RECORDS SUPPLIED ▸
┌────────

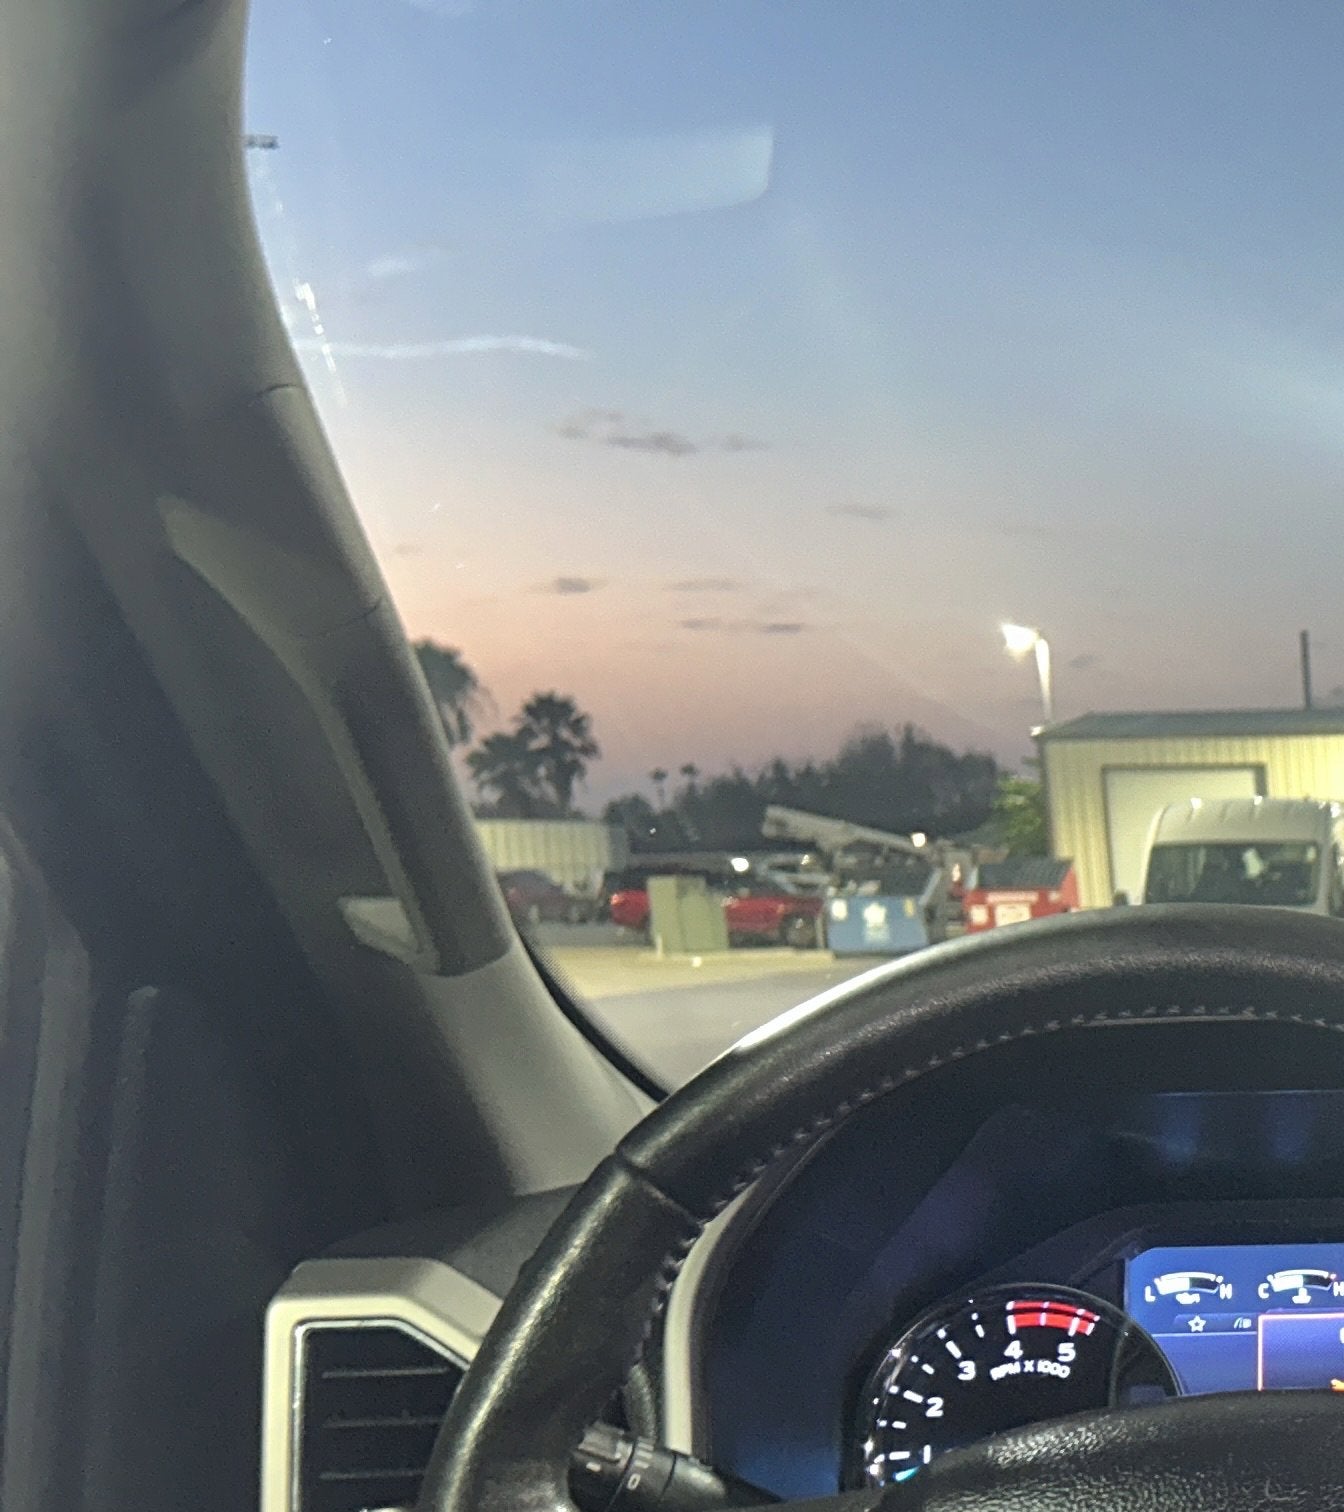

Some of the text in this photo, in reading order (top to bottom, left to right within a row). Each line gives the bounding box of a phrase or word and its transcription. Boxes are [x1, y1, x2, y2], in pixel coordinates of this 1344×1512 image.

[1145, 1286, 1156, 1302] L
[1219, 1284, 1233, 1300] H
[1257, 1284, 1270, 1299] C
[1004, 1340, 1023, 1359] 4
[1057, 1342, 1076, 1362] 5
[957, 1360, 977, 1380] 3
[990, 1359, 1021, 1380] RPM
[1036, 1360, 1071, 1379] 1000
[925, 1396, 944, 1417] 2
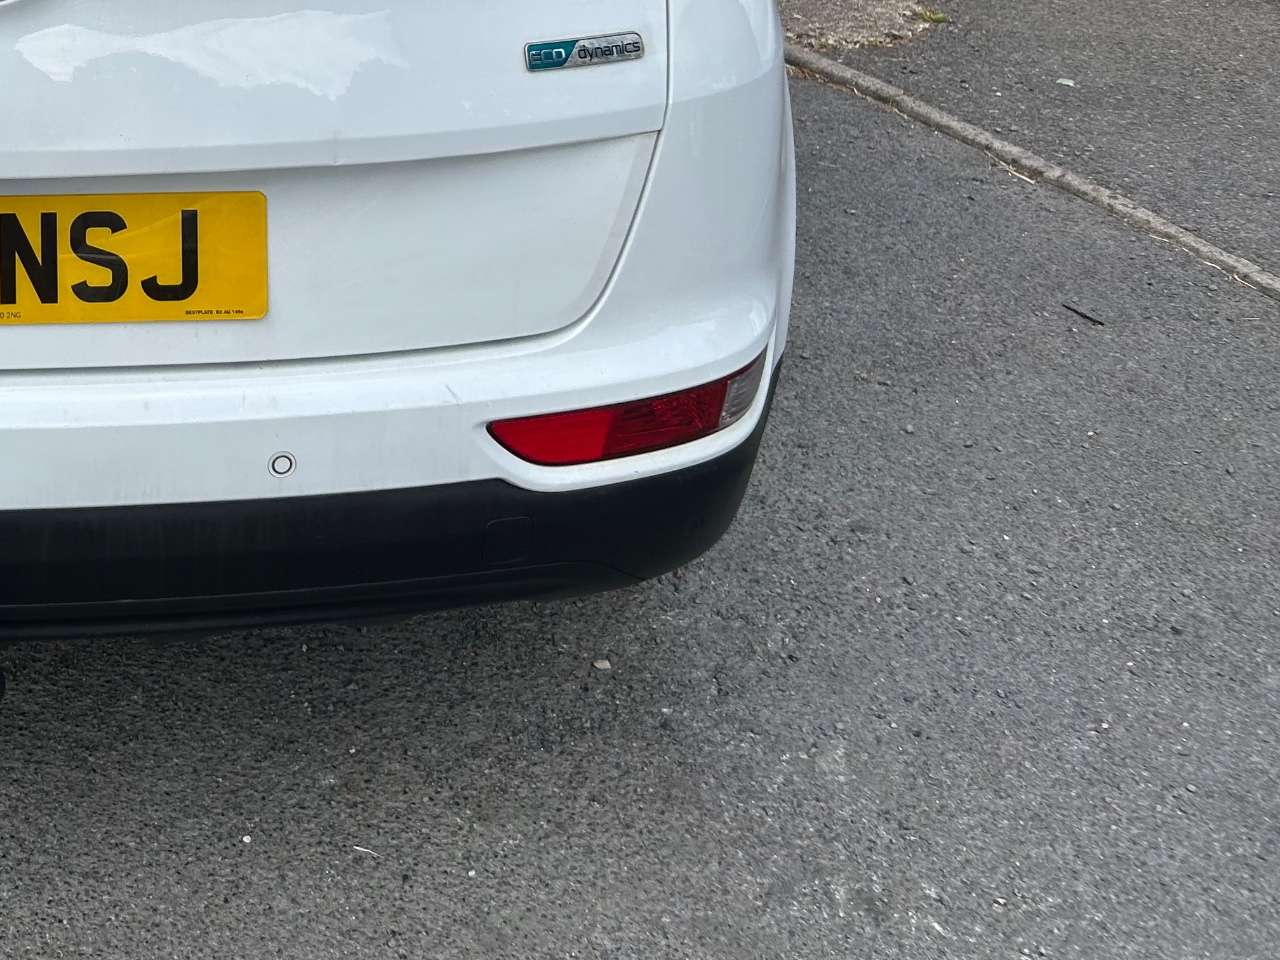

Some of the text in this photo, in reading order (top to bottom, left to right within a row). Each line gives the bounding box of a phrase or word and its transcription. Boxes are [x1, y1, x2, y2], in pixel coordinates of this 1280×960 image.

[577, 41, 641, 61] dynamics
[0, 209, 200, 307] NSJ
[6, 311, 22, 320] 2NG

└────────

PROBLEM STATEMENT ▸
Reproduce the entries above exactly, without images.

TASK OUTPUT ▸
Some of the text in this photo, in reading order (top to bottom, left to right within a row). Each line gives the bounding box of a phrase or word and its transcription. Boxes are [x1, y1, x2, y2], in pixel coordinates of this 1344×1512 image.

[1145, 1286, 1156, 1302] L
[1219, 1284, 1233, 1300] H
[1257, 1284, 1270, 1299] C
[1004, 1340, 1023, 1359] 4
[1057, 1342, 1076, 1362] 5
[957, 1360, 977, 1380] 3
[990, 1359, 1021, 1380] RPM
[1036, 1360, 1071, 1379] 1000
[925, 1396, 944, 1417] 2

Some of the text in this photo, in reading order (top to bottom, left to right within a row). Each line gives the bounding box of a phrase or word and its transcription. Boxes are [x1, y1, x2, y2], in pixel coordinates of this 1280×960 image.

[577, 41, 641, 61] dynamics
[0, 209, 200, 307] NSJ
[6, 311, 22, 320] 2NG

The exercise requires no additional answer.